++++ Data for this exercise ++++
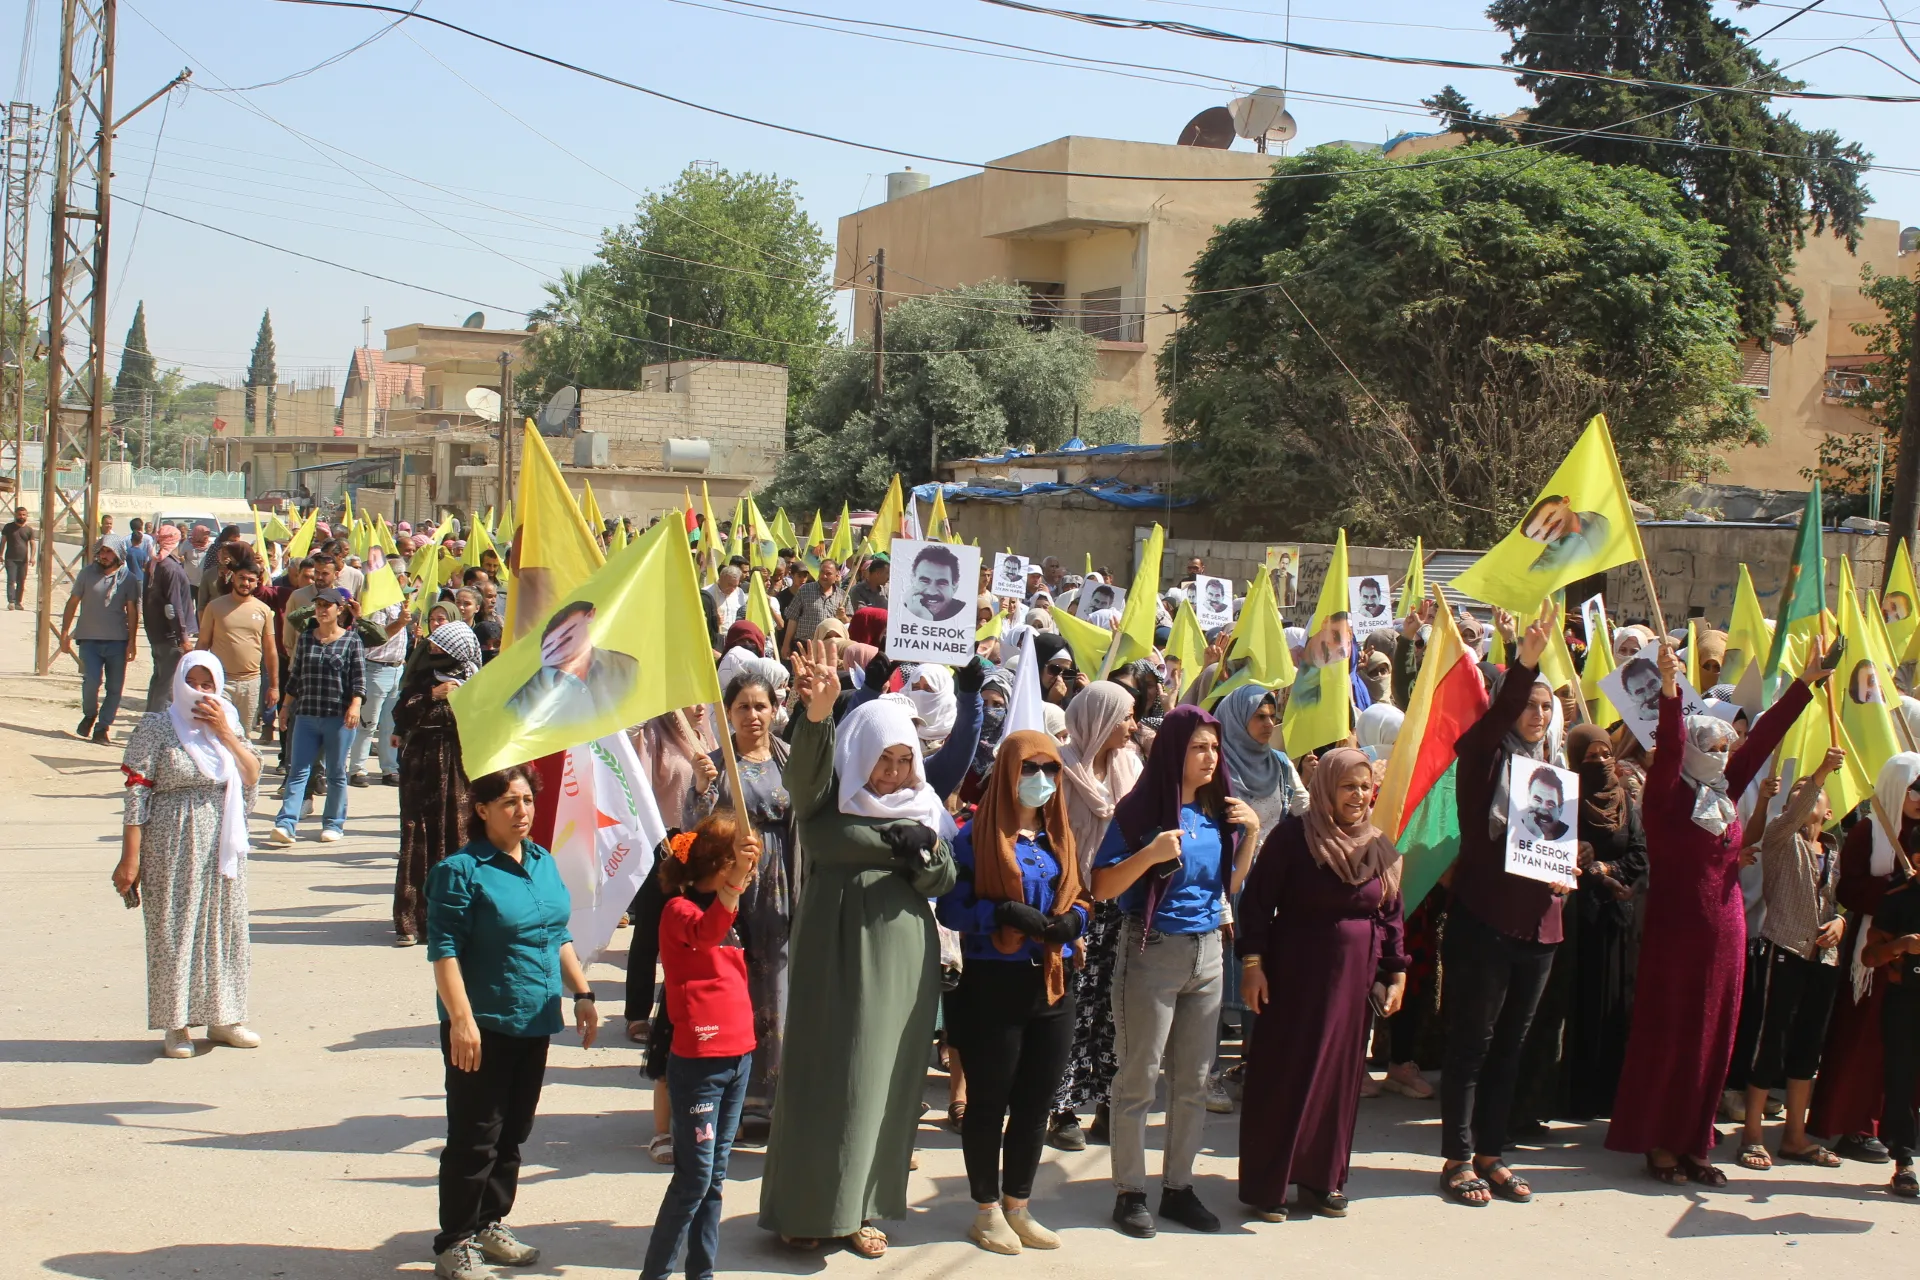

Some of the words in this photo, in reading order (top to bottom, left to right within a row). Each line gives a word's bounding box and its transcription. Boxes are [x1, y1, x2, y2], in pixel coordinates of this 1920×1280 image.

[900, 623, 919, 635] BÊ
[921, 626, 965, 640] SEROK
[1368, 619, 1388, 627] SEROK
[893, 637, 930, 650] JIYAN
[933, 641, 968, 654] NABE
[1518, 839, 1533, 852] BÊ
[1535, 844, 1570, 862] SEROK
[1512, 852, 1542, 868] JIYAN
[1544, 861, 1573, 875] NABE
[694, 1025, 719, 1033] Reebok
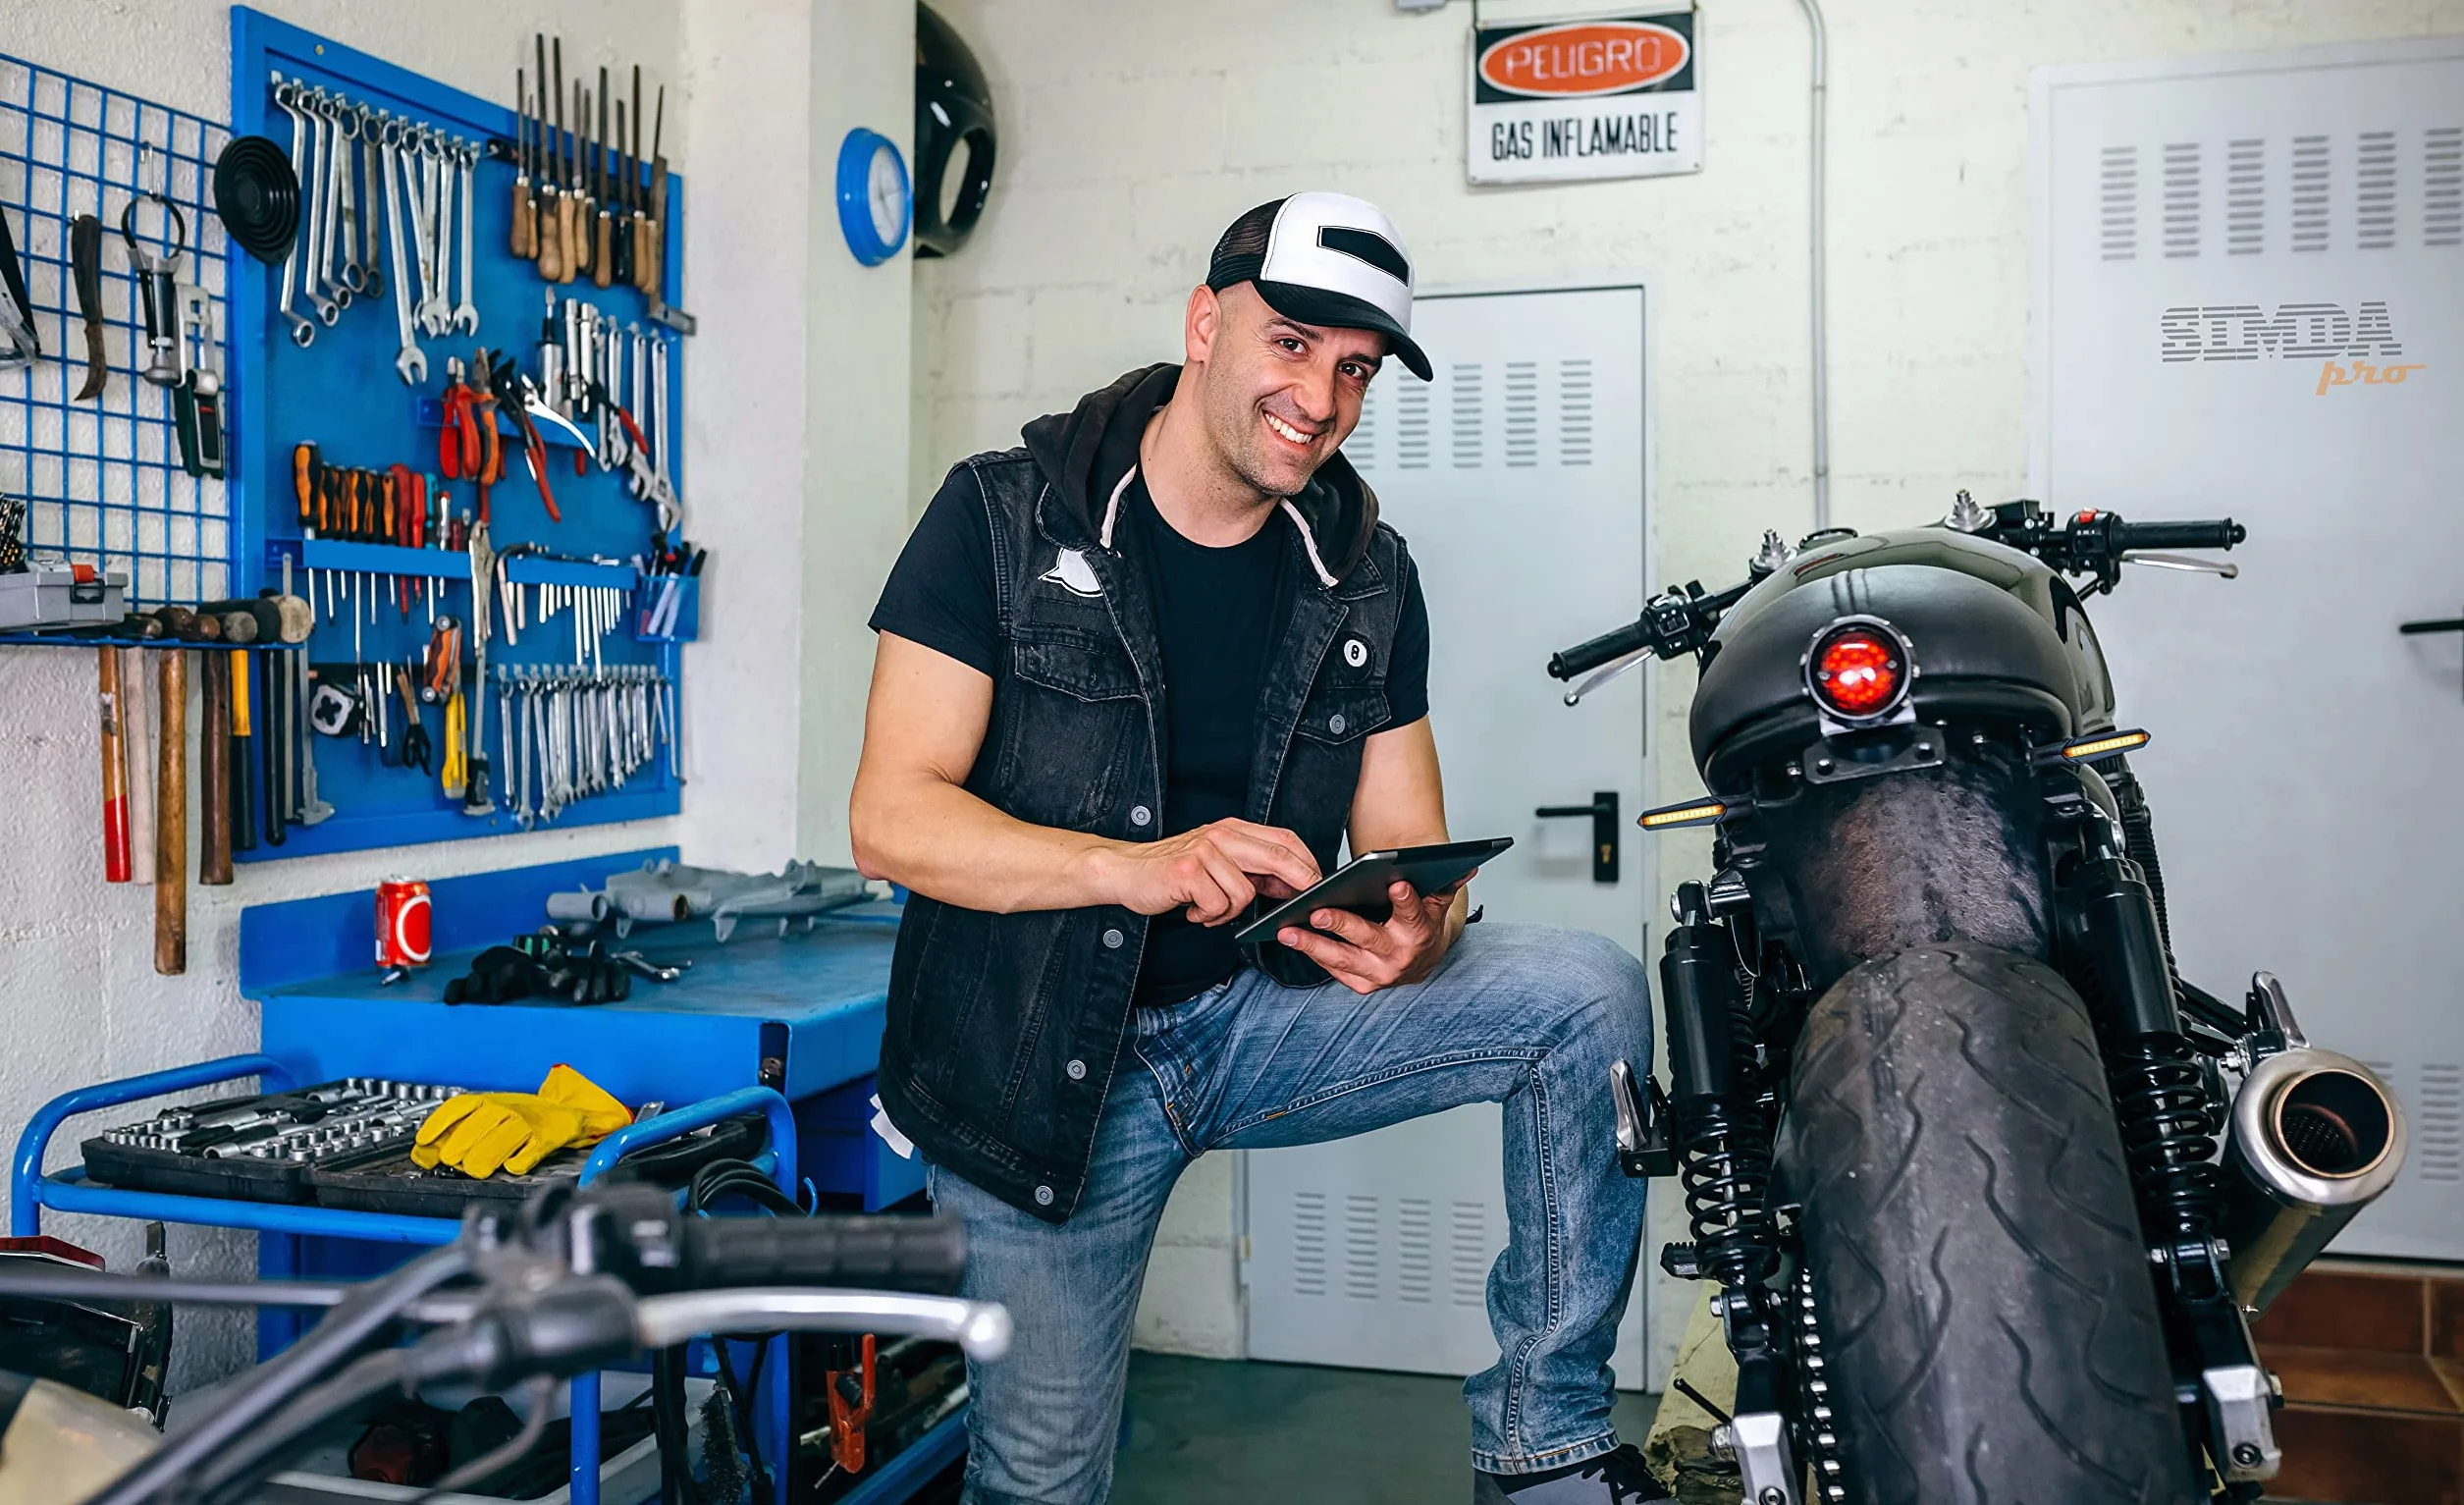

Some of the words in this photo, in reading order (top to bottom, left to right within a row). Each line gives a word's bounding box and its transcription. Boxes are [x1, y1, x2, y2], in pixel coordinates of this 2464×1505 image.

[1505, 36, 1662, 81] PELIGRO
[1491, 120, 1533, 161] GAS
[1542, 111, 1678, 159] INFLAMABLE
[2161, 301, 2402, 362] SIMDA
[2315, 359, 2427, 396] pro
[1351, 644, 1361, 661] 8
++++
▸ **Task statement**
Only one stretch of the data is wanted: the lines from the one with "this 2464×1505 image." through the last, repeated exactly.

▸ **Solution to this problem**
Some of the words in this photo, in reading order (top to bottom, left to right within a row). Each line gives a word's bounding box and its transcription. Boxes are [x1, y1, x2, y2], in pixel coordinates of this 2464×1505 image.

[1505, 36, 1662, 81] PELIGRO
[1491, 120, 1533, 161] GAS
[1542, 111, 1678, 159] INFLAMABLE
[2161, 301, 2402, 362] SIMDA
[2315, 359, 2427, 396] pro
[1351, 644, 1361, 661] 8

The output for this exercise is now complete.